• _WHAT THE TASK REQUIRES_:
What you return must match the records word for word, except that pictures are dropped.

+++ RECORDS FOR THE TASK

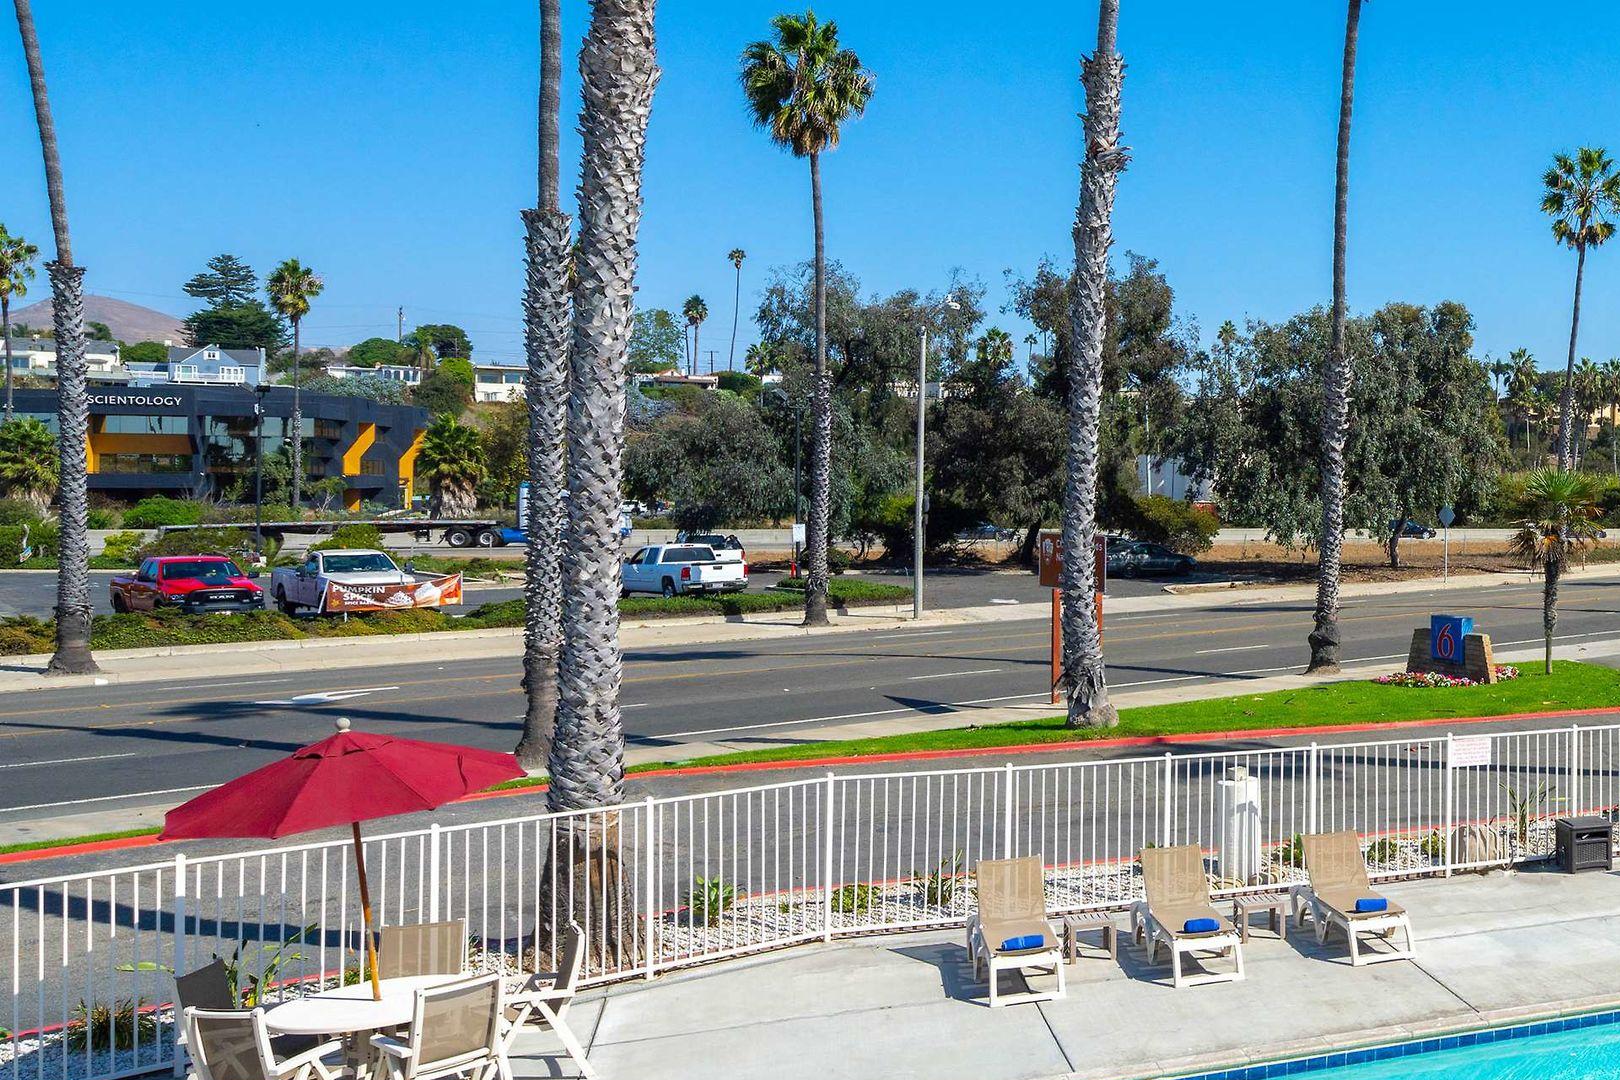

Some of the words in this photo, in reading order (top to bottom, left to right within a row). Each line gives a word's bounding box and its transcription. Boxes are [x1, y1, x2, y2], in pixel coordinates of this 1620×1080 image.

[87, 395, 182, 406] SCIENTOLOGY
[332, 584, 386, 594] PUMPKIN
[1436, 623, 1454, 659] 6
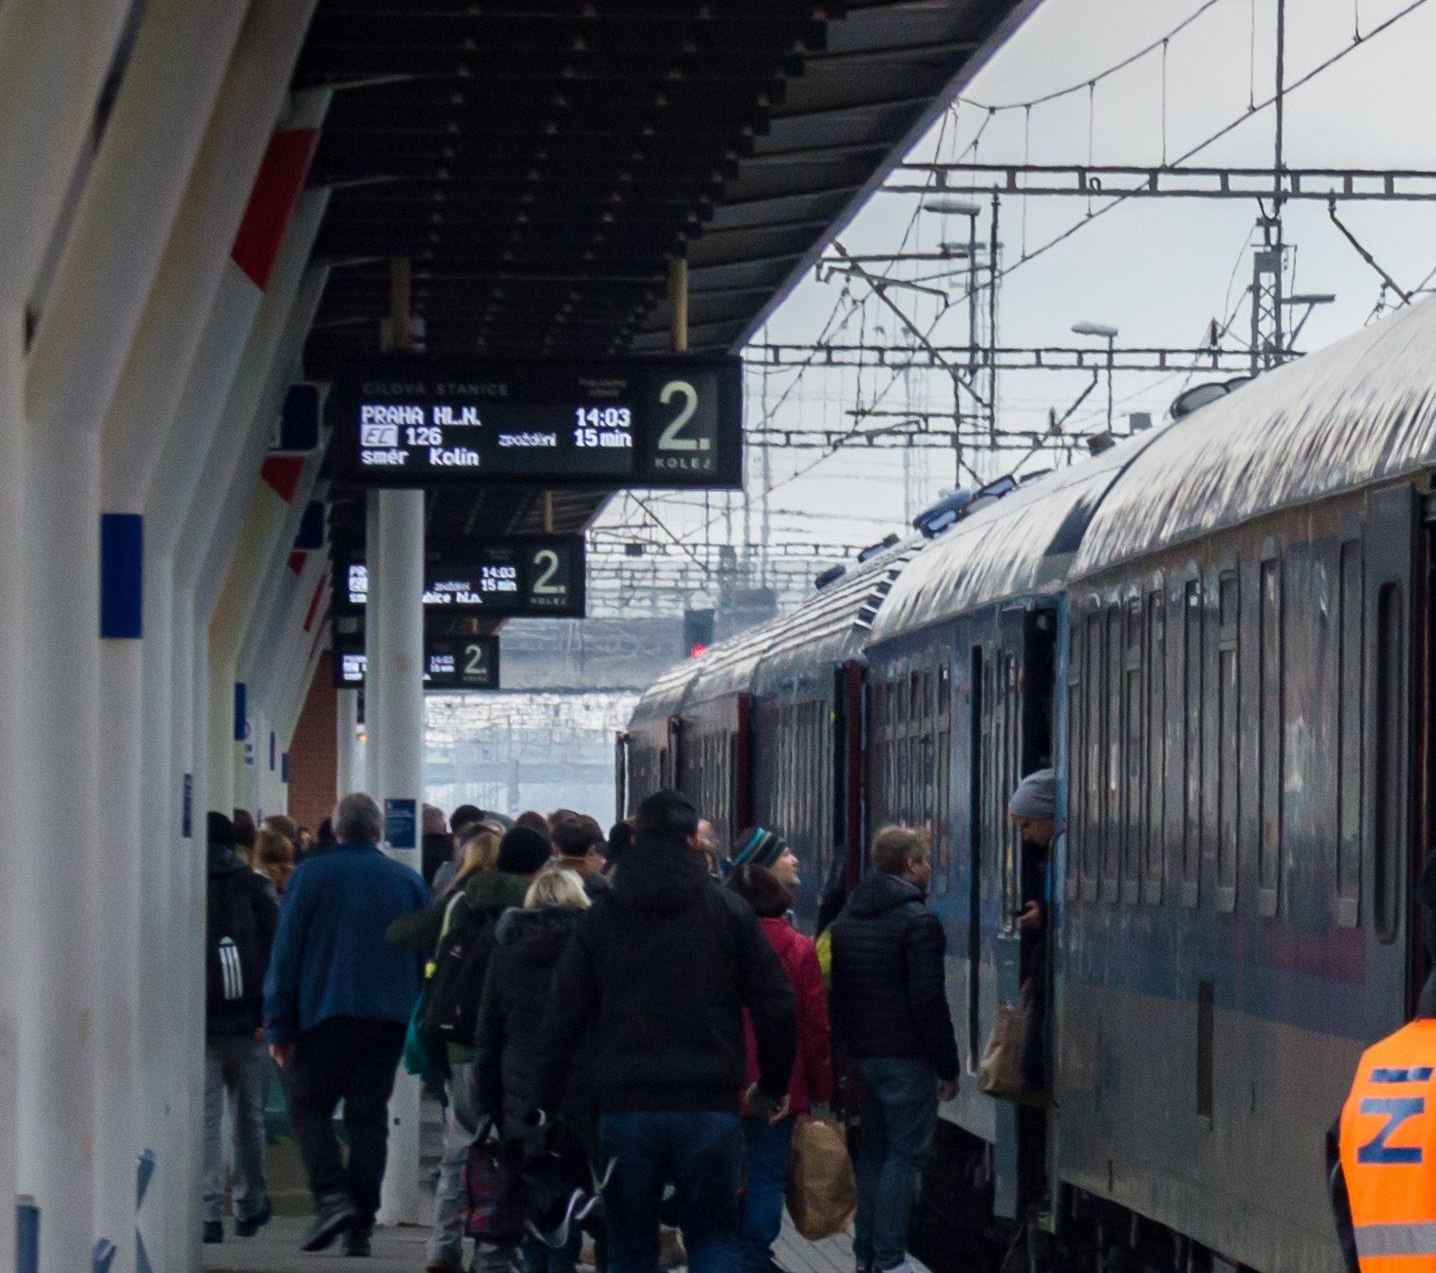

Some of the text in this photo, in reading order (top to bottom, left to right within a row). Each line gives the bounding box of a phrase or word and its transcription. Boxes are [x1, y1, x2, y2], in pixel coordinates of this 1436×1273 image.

[361, 406, 631, 427] PRAHA HL.N. 14:03
[364, 426, 396, 445] EC
[405, 427, 443, 446] 126
[574, 429, 597, 447] 15
[600, 429, 633, 447] min
[654, 457, 713, 471] KOLEJ
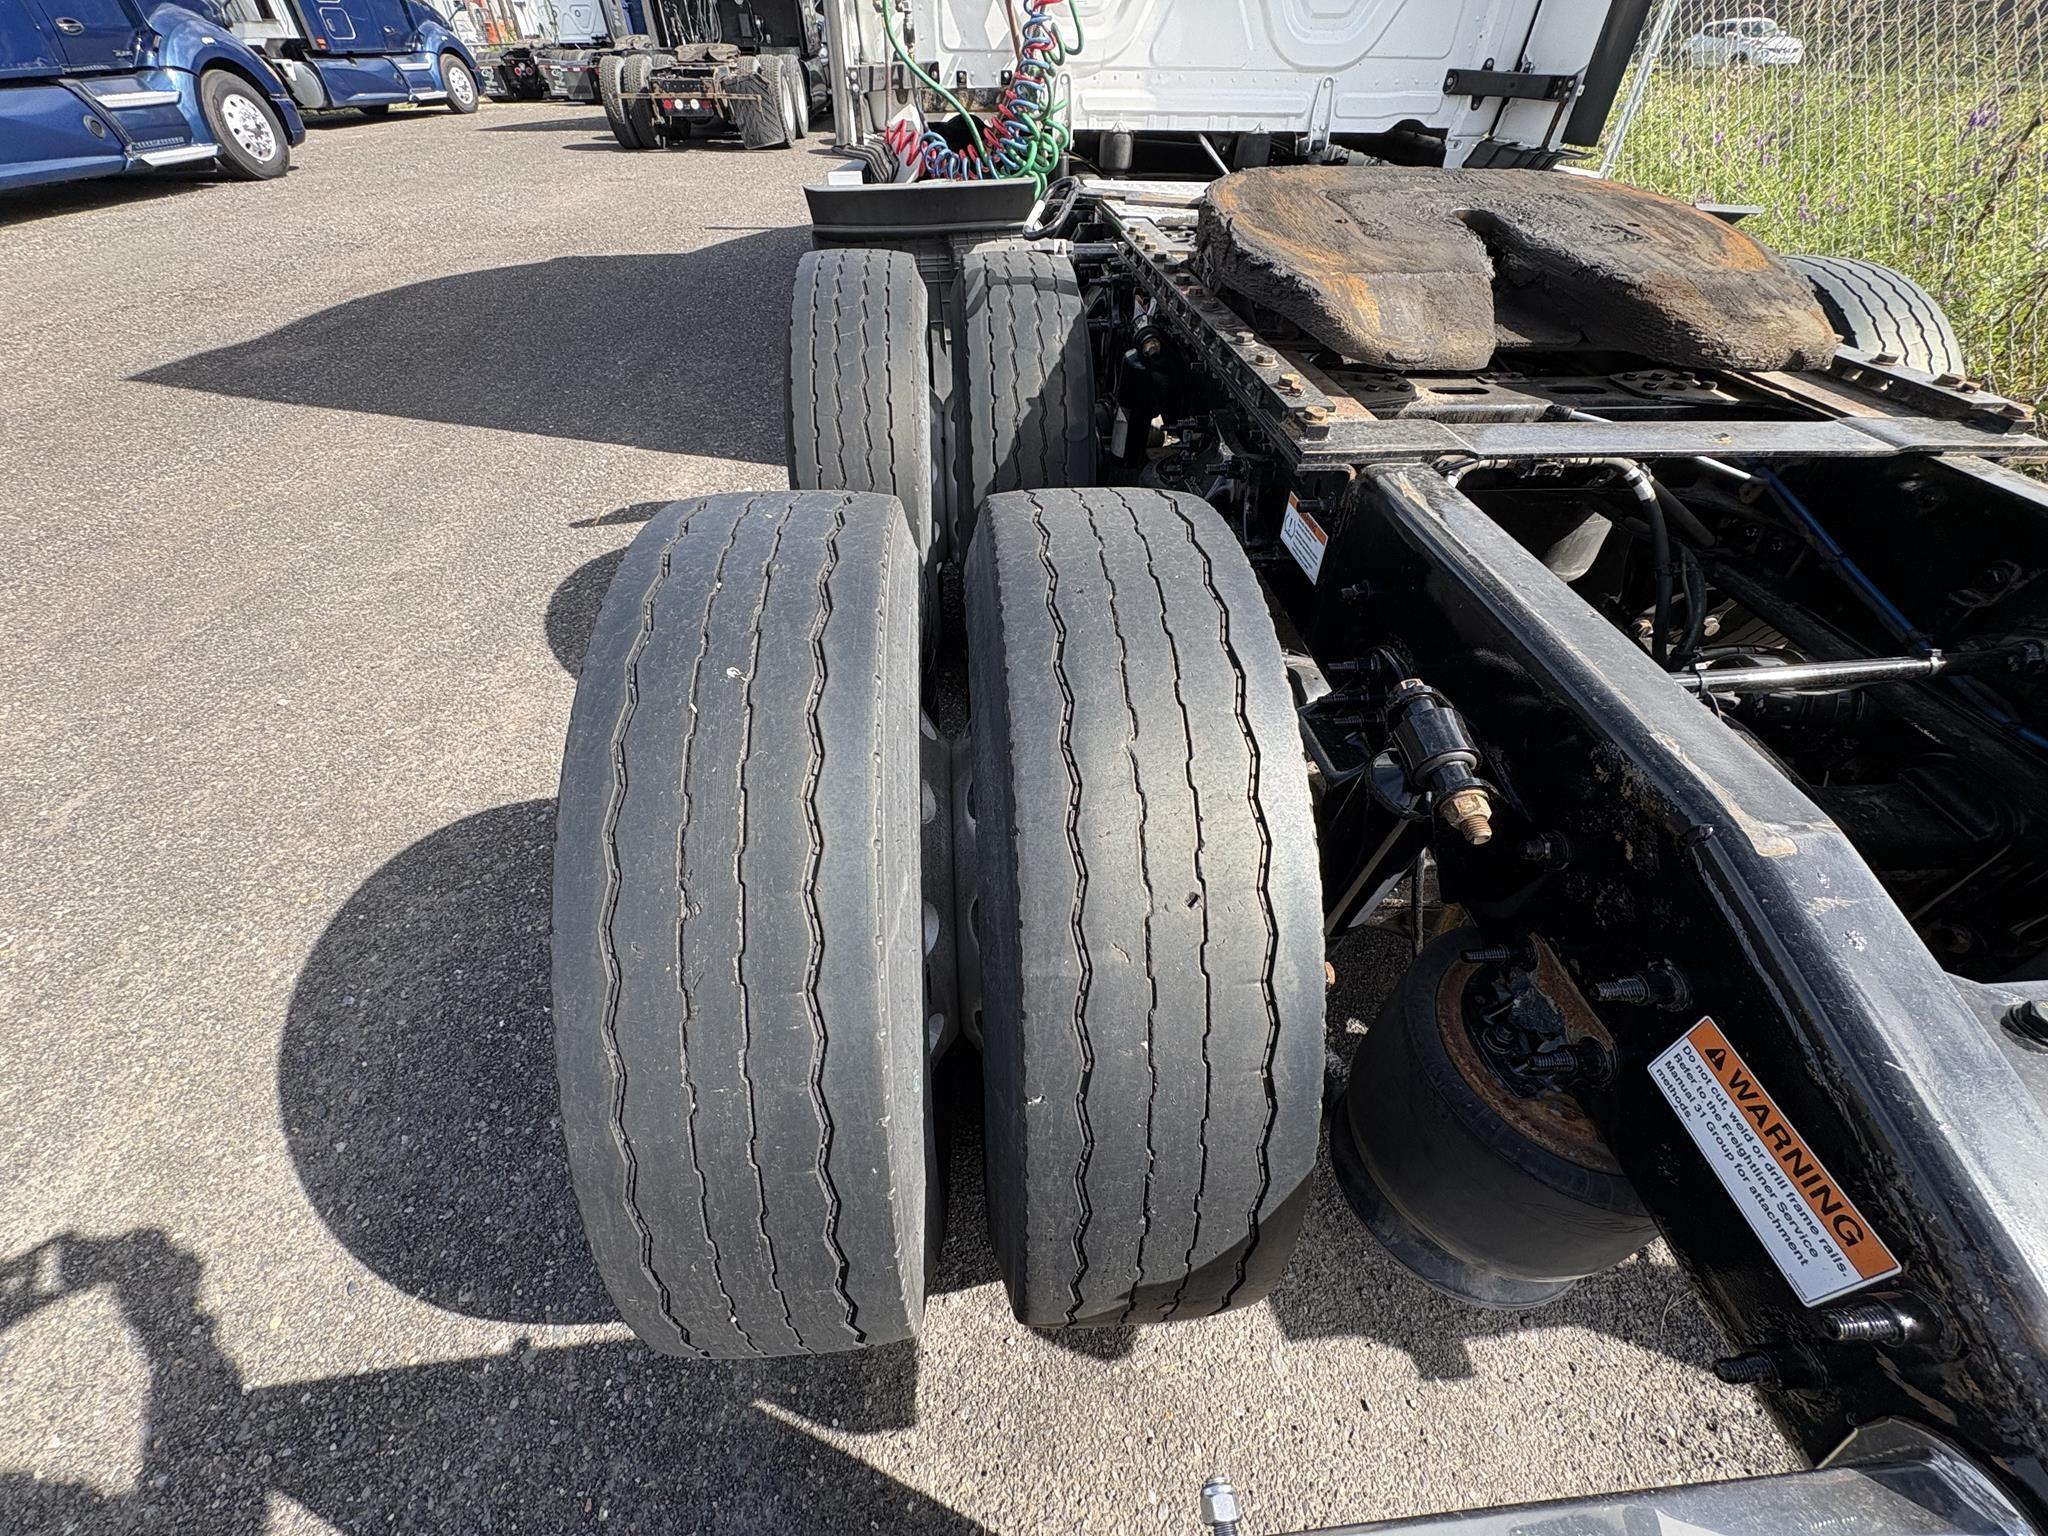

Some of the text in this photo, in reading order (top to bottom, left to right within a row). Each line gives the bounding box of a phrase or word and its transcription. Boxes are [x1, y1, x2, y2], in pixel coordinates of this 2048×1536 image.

[1656, 1068, 1691, 1121] methods.
[1664, 1060, 1696, 1103] Manual
[1693, 1103, 1707, 1118] 31
[1706, 1121, 1734, 1161] Group
[1734, 1162, 1751, 1182] for
[1748, 1185, 1809, 1266] attachment
[1673, 1052, 1697, 1083] Refer
[1696, 1085, 1706, 1099] to
[1706, 1100, 1722, 1122] the
[1721, 1122, 1778, 1198] Freightliner
[1776, 1201, 1818, 1258] Service
[1682, 1045, 1847, 1277] Do not cut, weld or drill frame rails.
[1728, 1068, 1864, 1247] WARNING

++++++

• _ANSWER FOR THE TASK_:
Some of the words in this photo, in reading order (top to bottom, left to right within a row). Each line gives a word's bounding box and its transcription. Boxes are [x1, y1, x2, y2], in pixel coordinates of this 1620×1080 image.

[87, 395, 182, 406] SCIENTOLOGY
[332, 584, 386, 594] PUMPKIN
[1436, 623, 1454, 659] 6

Some of the text in this photo, in reading order (top to bottom, left to right within a row). Each line gives the bounding box of a phrase or word and its transcription. Boxes are [x1, y1, x2, y2], in pixel coordinates of this 1436×1273 image.

[361, 406, 631, 427] PRAHA HL.N. 14:03
[364, 426, 396, 445] EC
[405, 427, 443, 446] 126
[574, 429, 597, 447] 15
[600, 429, 633, 447] min
[654, 457, 713, 471] KOLEJ

Some of the text in this photo, in reading order (top to bottom, left to right within a row). Each line gives the bounding box of a phrase or word and its transcription. Boxes are [x1, y1, x2, y2], in pixel coordinates of this 2048×1536 image.

[1656, 1068, 1691, 1121] methods.
[1664, 1060, 1696, 1103] Manual
[1693, 1103, 1707, 1118] 31
[1706, 1121, 1734, 1161] Group
[1734, 1162, 1751, 1182] for
[1748, 1185, 1809, 1266] attachment
[1673, 1052, 1697, 1083] Refer
[1696, 1085, 1706, 1099] to
[1706, 1100, 1722, 1122] the
[1721, 1122, 1778, 1198] Freightliner
[1776, 1201, 1818, 1258] Service
[1682, 1045, 1847, 1277] Do not cut, weld or drill frame rails.
[1728, 1068, 1864, 1247] WARNING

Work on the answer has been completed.